Somewhere in New Hampshire, deep inside the inner recesses of a Hillary For America regional office, a communications director is putting his fist through the sheet rock wall.
As if Hillary Clinton doesn’t have enough to worry about with the FBI combing through her emails and picking apart her server, now some wise guys on the Hill are wondering if maybe she’s proven herself too much of a risk to keep her security clearance while the investigation plays out. It’s certainly a fair question, since others have lost their clearances for less. But would anyone really do that to the likely Democrat nominee? (Bloomberg)
Now that several e-mails on Hillary Clinton’s private server have been classified, there is a more immediate question than the outcome of the investigation: Should the former secretary of state retain her security clearance during the inquiry? Congressional Republicans and Democrats offer predictably different answers…

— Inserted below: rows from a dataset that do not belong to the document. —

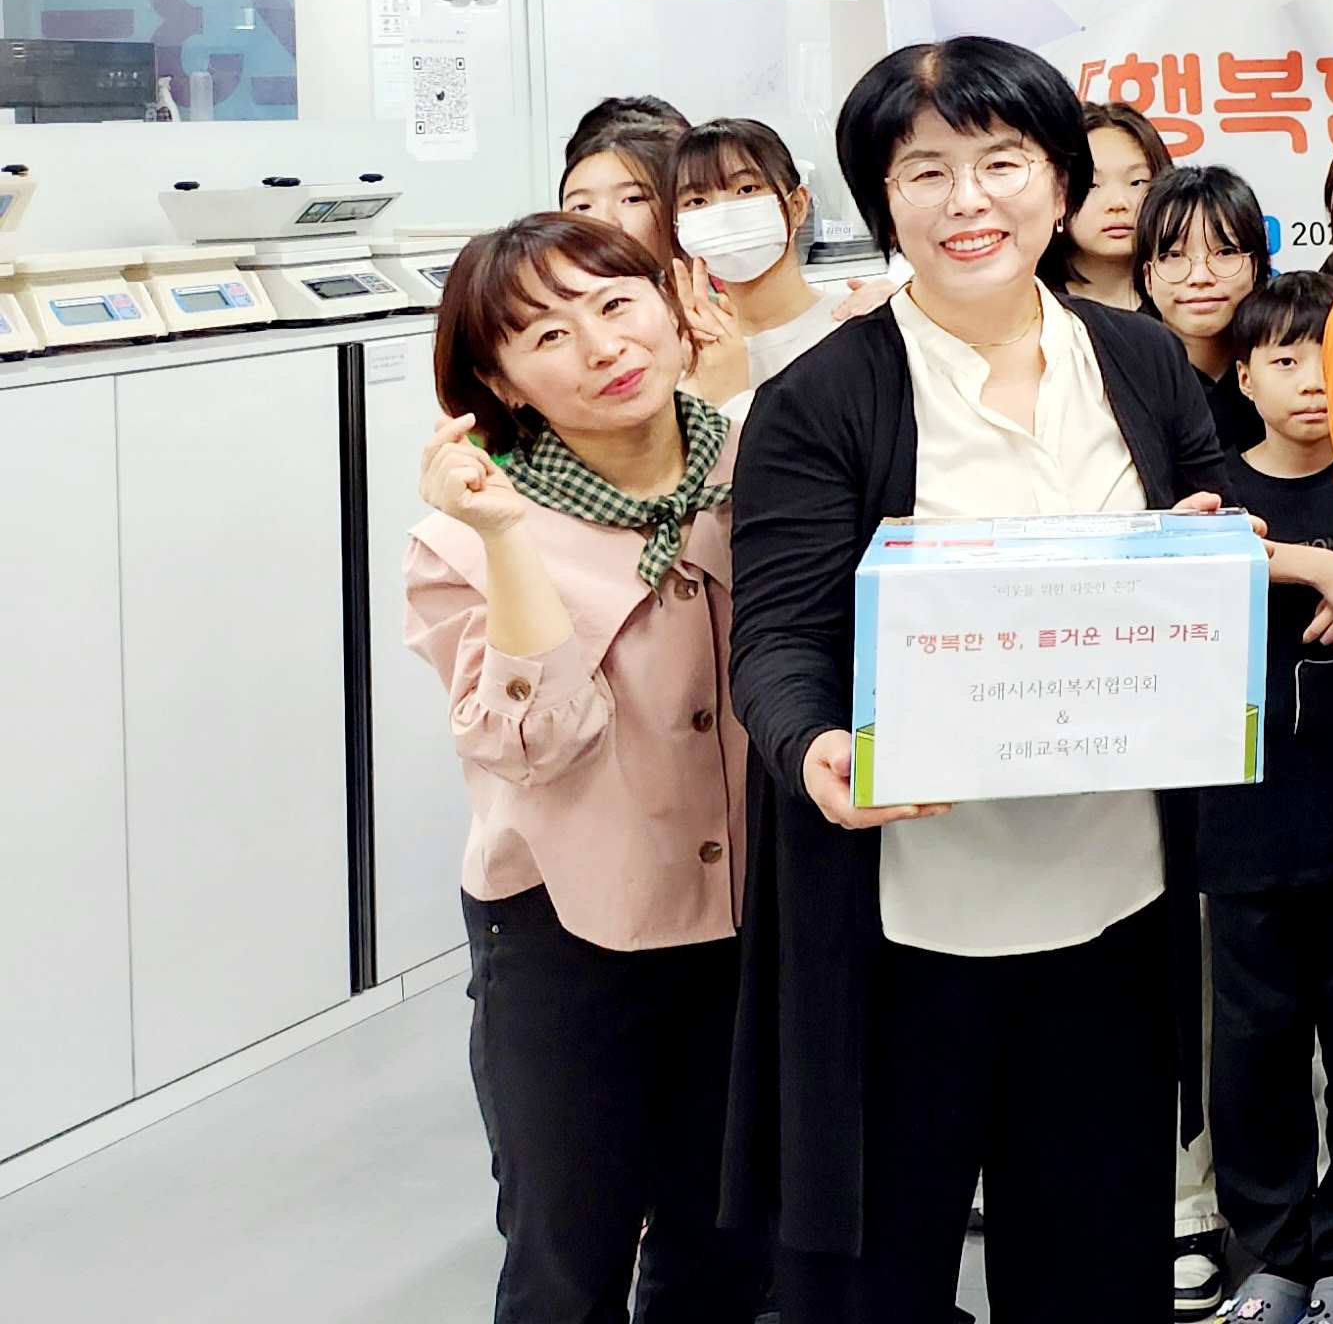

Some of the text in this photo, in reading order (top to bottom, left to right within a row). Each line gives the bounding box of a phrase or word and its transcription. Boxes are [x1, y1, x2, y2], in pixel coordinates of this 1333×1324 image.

[906, 631, 984, 655] 『행복한
[1038, 626, 1101, 649] 즐거운
[1115, 625, 1155, 644] 나의
[1168, 623, 1220, 643] 가족』
[1056, 709, 1070, 726] &

Representative Adam Schiff, the ranking Democrat on the House Intelligence Committee, said Clinton should not lose her security clearance for receiving information that was not marked classified at the time. “I’m sure she does hold a clearance, and she should,” he told us.
Representative Mike Pompeo, a Republican member of that committee who also has read the e-mails, told us, “It’s important, given all the information we now know, that the House of Representatives work alongside the executive branch to determine whether it’s appropriate for Secretary Clinton to continue to hold her security clearances.”
At least back when I was in the service it was typical for anyone with a higher than Secret clearance to have it at least downgraded (if not removed) when they either left the service or rotated out to a new assignment where it wasn’t required. In the Navy, one good example was the IFF (Identification Friend or Foe) technician, who had to renew a higher level clearance every time he transferred from shore duty back to sea duty. But that’s the military and I’m sure things are handled differently in the civilian world.
The linked Bloomberg article quotes a State Department spokesperson has saying there is a “long tradition” of Secretaries keeping their clearance after they leave the office so they can access their archives, work on their memoirs or whatever else it is they do. I suppose that’s not much of a risk most of the time, but we could be in some uncharted waters here. Clinton’s records – if not the Secretary herself – are part of an active investigation which involves the storage of Top Secret data in an unsecure location. When there’s a question of that nature hanging in the air, wouldn’t you err on the side of safety? Also, Hillary Clinton currently holds no office of any kind with the government. What does she need the clearance for to begin with?
The answer is probably found with the comments from Mike Pompeo. It’s a question which will have to be sorted by the White House and the National Security Council to determine “what they’re comfortable with.” It won’t come as any surprise if something that potentially embarrassing to the Democrats’ frontrunner will be well within their comfort zone.